Journal of nuclear medicine : official publication, Society of Nuclear Medicine, vol.66, no.8, pp.1192-1196, 2025 (SCI-Expanded, Scopus) identifier identifier identifier

  • Publication Type: Article / Article
  • Volume: 66 Issue: 8
  • Publication Date: 2025
  • Doi Number: 10.2967/jnumed.125.270055
  • Journal Name: Journal of nuclear medicine : official publication, Society of Nuclear Medicine
  • Journal Indexes: Science Citation Index Expanded (SCI-EXPANDED), Scopus, BIOSIS, Biotechnology Research Abstracts, CAB Abstracts, Veterinary Science Database
  • Page Numbers: pp.1192-1196
  • Keywords: kinase inhibition, metastatic differentiated thyroid carcinoma, radioiodine-refractory thyroid cancer, redifferentiation
  • Marmara University Affiliated: Yes

Abstract

Radioactive iodine-refractory thyroid cancer (TC) has a poor prognosis, and restoring iodine uptake is a major therapeutic goal.
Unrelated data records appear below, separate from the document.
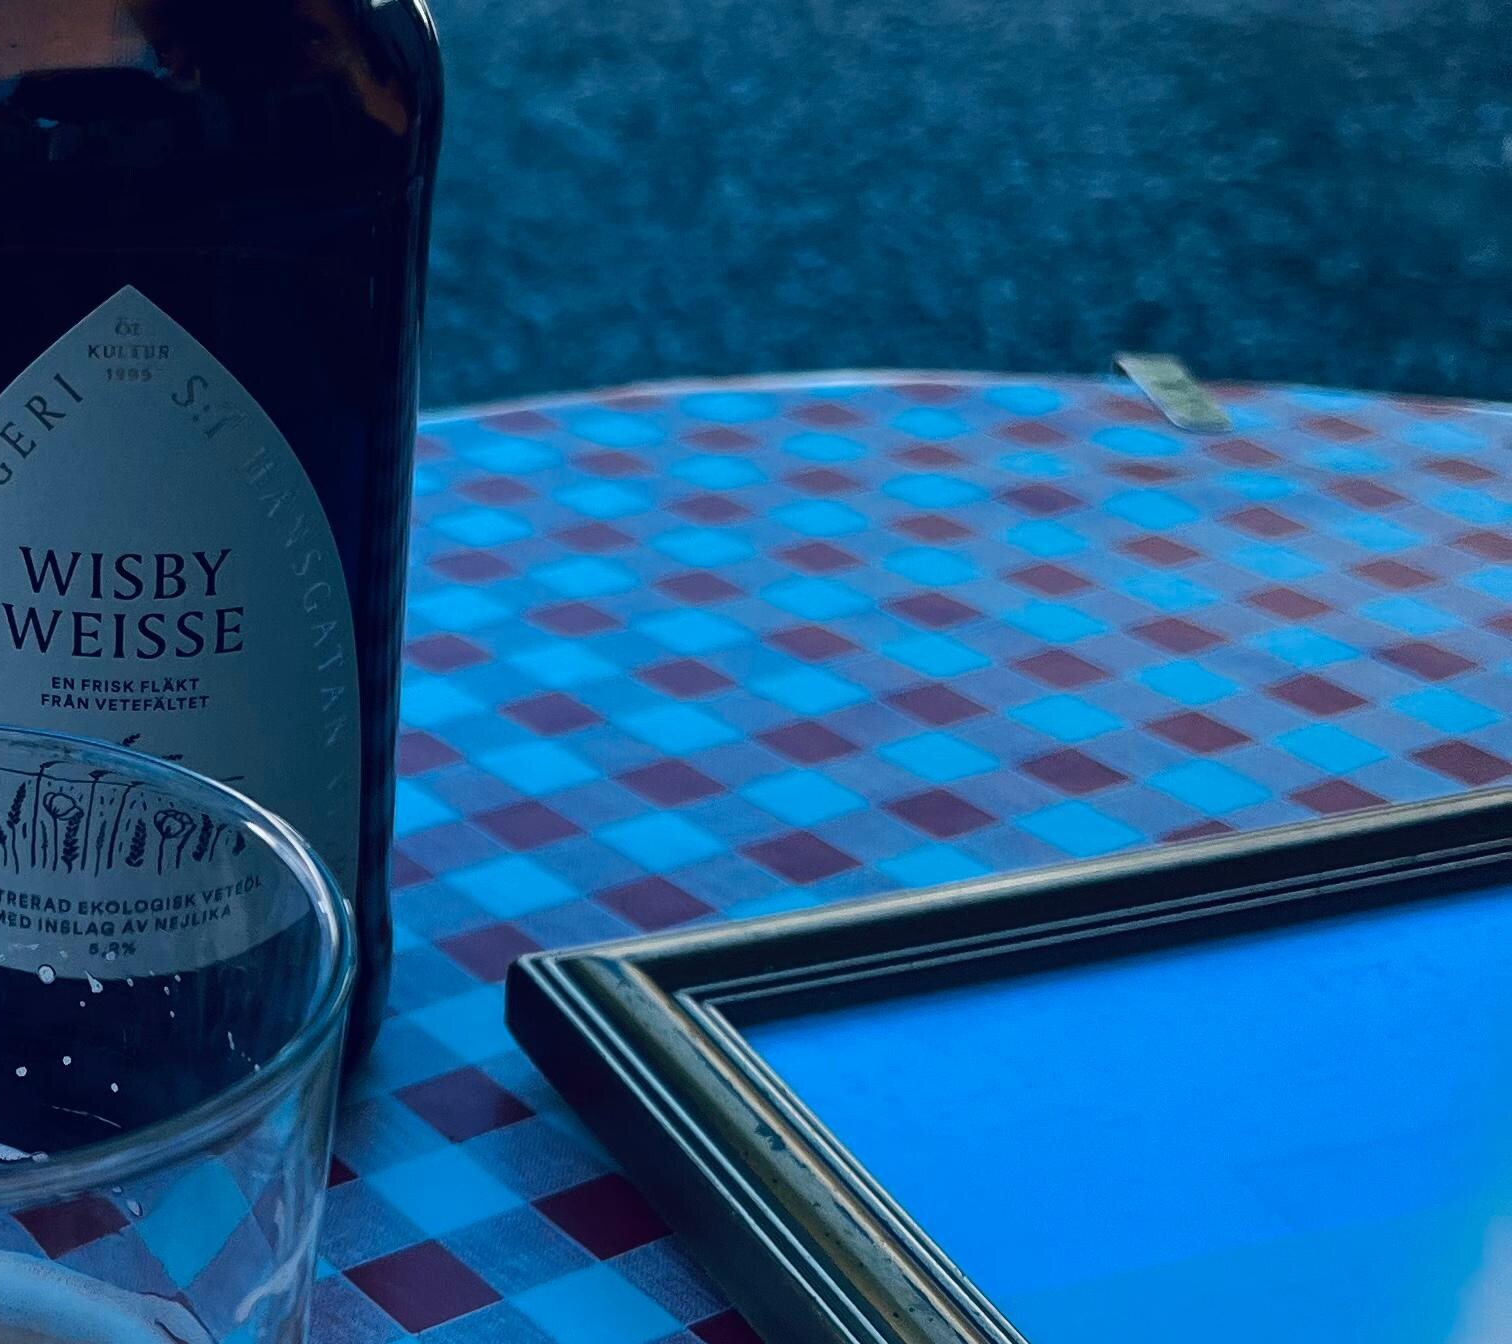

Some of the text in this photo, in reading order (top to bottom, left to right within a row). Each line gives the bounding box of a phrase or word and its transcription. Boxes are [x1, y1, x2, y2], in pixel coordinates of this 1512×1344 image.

[88, 344, 170, 359] KULTUR
[19, 546, 232, 601] WISBY
[2, 602, 244, 660] WEISSE
[51, 677, 199, 693] EN FRISK FLÄKT
[41, 693, 209, 711] FRÅN VETEFÄLTET
[79, 894, 196, 915] EKOLOGISK
[202, 873, 262, 903] VETEÖL
[39, 919, 114, 937] INSLAG
[121, 918, 149, 934] AV
[154, 906, 232, 931] NEJLIKA
Recent studies have used tyrosine kinase inhibitors (TKIs) for 3-6 wk to achieve redifferentiation, but preclinical data suggest that maximal effects occur within 8-12 d. Methods: In this retrospective study, 8 patients with metastatic radioactive iodine-refractory TC received trametinib plus dabrafenib (for BRAF-mutated disease) or trametinib alone (for BRAF wild-type disease) for 10 d. Iodine uptake was assessed by 123I-scintigraphy; responders received high-dose radioactive iodine therapy, and nonresponders continued TKIs for another 10 d. Results: Two patients (both with BRAF wild-type disease) achieved successful iodine uptake restoration with significant thyroglobulin reduction after radioactive iodine therapy. Extending TKI treatment to 21 d did not yield further benefit. Conclusion: Our pilot study supports preclinical findings that maximal restoration of iodine uptake is achieved after only 10 d of TKI therapy, reducing toxicity and treatment costs. Longer treatment did not provide any additional benefit. Larger prospective trials are needed to confirm these findings.